When rumours started to circulate about a motor racing championship specifically for women, the reaction wasn’t particularly positive. After all, motorsport remains one of the only sports in which men and women can compete alongside one another on a level playing field.
However, last October, it was confirmed that the single-seater W Series would launch in 2019; free-to-enter, exclusively for women and with a prize pot worth $1.5 million. It was an opportunity for racing drivers who had previously struggled with funding and experience and give them a chance to reignite their racing careers.
During a highly busy promotional campaign as well as hosting qualifying rounds to decide the talent that will race in the series, the CEO of W Series, Catherine Bond Muir, spoke to WTF1 to state how the series had helped raise awareness for women in motorsport and how they could look to invest in grassroots level motorsport in the future.
“The most common [negative comments] are about segregation, which I just don’t believe we are. We do not segregate women at any time. Even in the racing we are not segregating women, at all. We actively encourage [our W Series drivers to race with men] because that is what we are all about, to train more drivers so they can compete more effectively with men.
“[W Series] is creating what is unquestionably an artificial platform because we are only inviting women to drive, but, I believe that we need to do something new to give more opportunity for women.
“What is quite interesting, is since we have launched there is so much more about women in motorsport and I think we have helped raise that awareness. So, whether [women in motorsport] want to race in W Series or not, obviously we welcome the advancement.”
With W Series being a Formula 3-level experience, the ideal progression would likely see a rise through various series until the female racer had made their mark amongst the top level of single-seater opportunities within motorsport.
“I would say our ultimate goal is to get a driver into Formula 1, but my ambition is much greater than that. We want more female engineers, more female mechanics, we want more women in the whole eco-system of motorsport. We also want more women to be more successful in mixed racing.”

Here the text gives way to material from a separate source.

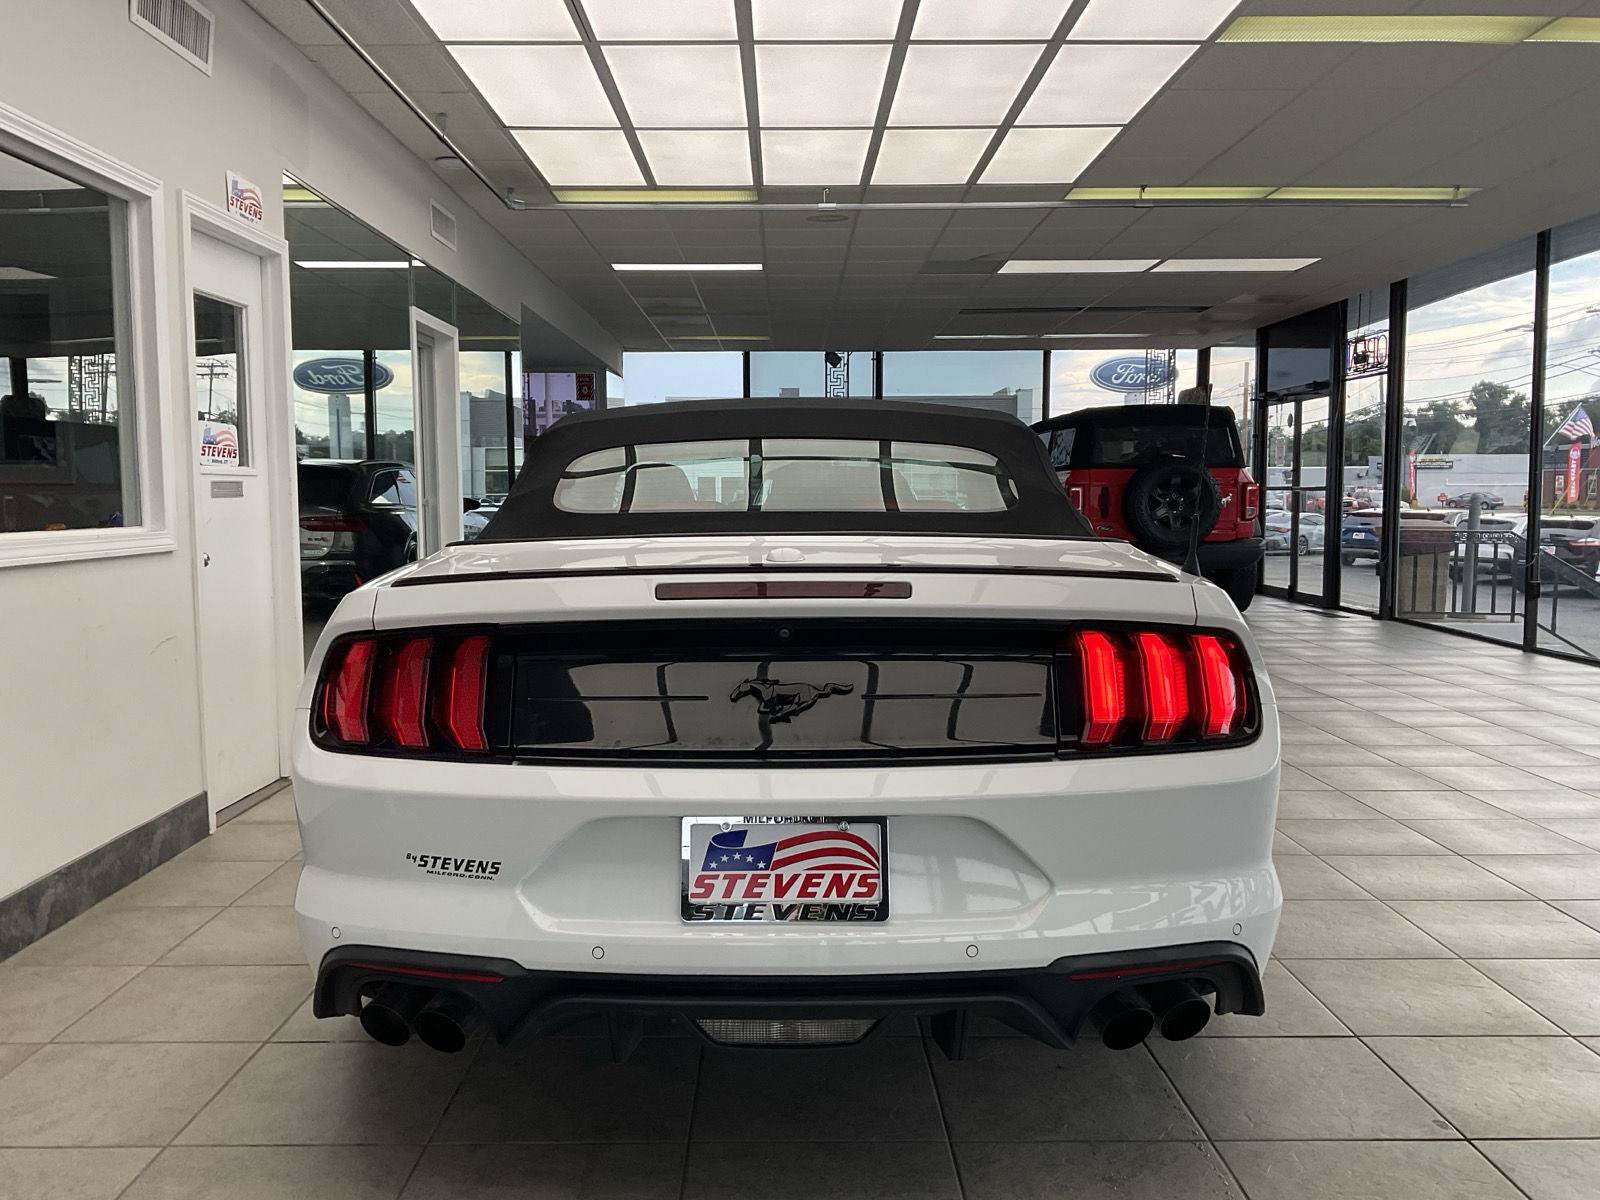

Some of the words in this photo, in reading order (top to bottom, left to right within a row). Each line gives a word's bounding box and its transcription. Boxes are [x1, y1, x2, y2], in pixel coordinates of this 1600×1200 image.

For many female racers who have struggled to source funding in the past, the proposal of a free-to-enter racing series that is going to be engaged with by such a large audience might seem like a dream. Yet, this idea has faced criticism with many believing that the money for W Series could be better used investing into a couple of stand-out female talents who are already racing with men – something Bond Muir is keen to defend.
“Another of the biggest arguments is that we are taking away money from drivers. Our money should go to individual drivers, to encourage them to race in the same series as men, but, our money is not charitable or supporting drivers at a lower level.

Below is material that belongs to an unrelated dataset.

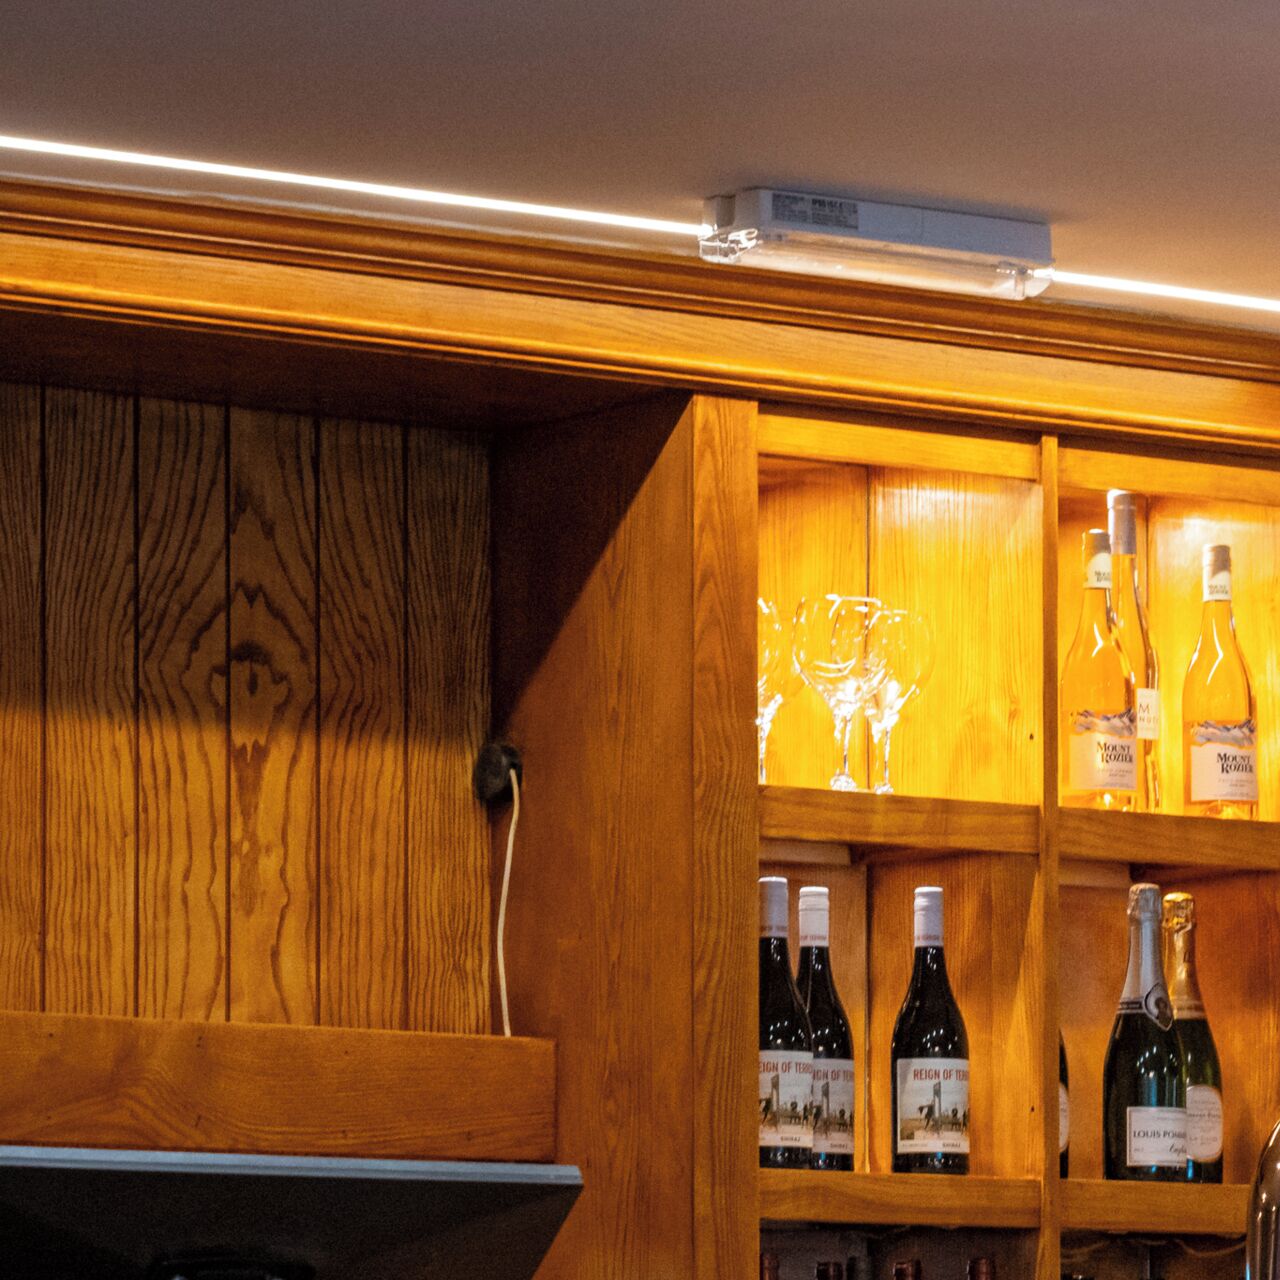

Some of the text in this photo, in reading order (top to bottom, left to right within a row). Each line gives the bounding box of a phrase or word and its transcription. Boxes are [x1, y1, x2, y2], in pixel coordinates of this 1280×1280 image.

“Our money is equity that has gone into a business plan, it is brand new money into motorsport. All we are doing is putting new money into motorsport, so we are not taking money away from any individual driver at all. To confirm that, I have asked our investors whether they would put their money into it and they laughed and said “no we are investing in a business here”, so what we need to do is to make sure in future years that this business can attract sufficient sponsorship and sufficient value through media rights and we can stand on our own two feet.”
“We have got lots of plans [for the future] but let’s just get [W Series] right. Of course, ultimately what we want to do when we become cash flow positive is to support more grassroots level but then we have got that issue of ‘if we are supporting individuals then how do we pick the right individual to do that’.”
The selection process for W Series continues with the 28 successful qualifiers from last weekend’s stage in Austria facing a four-day test in the W Series Tatuus F318 Formula 3 car in March before the series gets underway in May.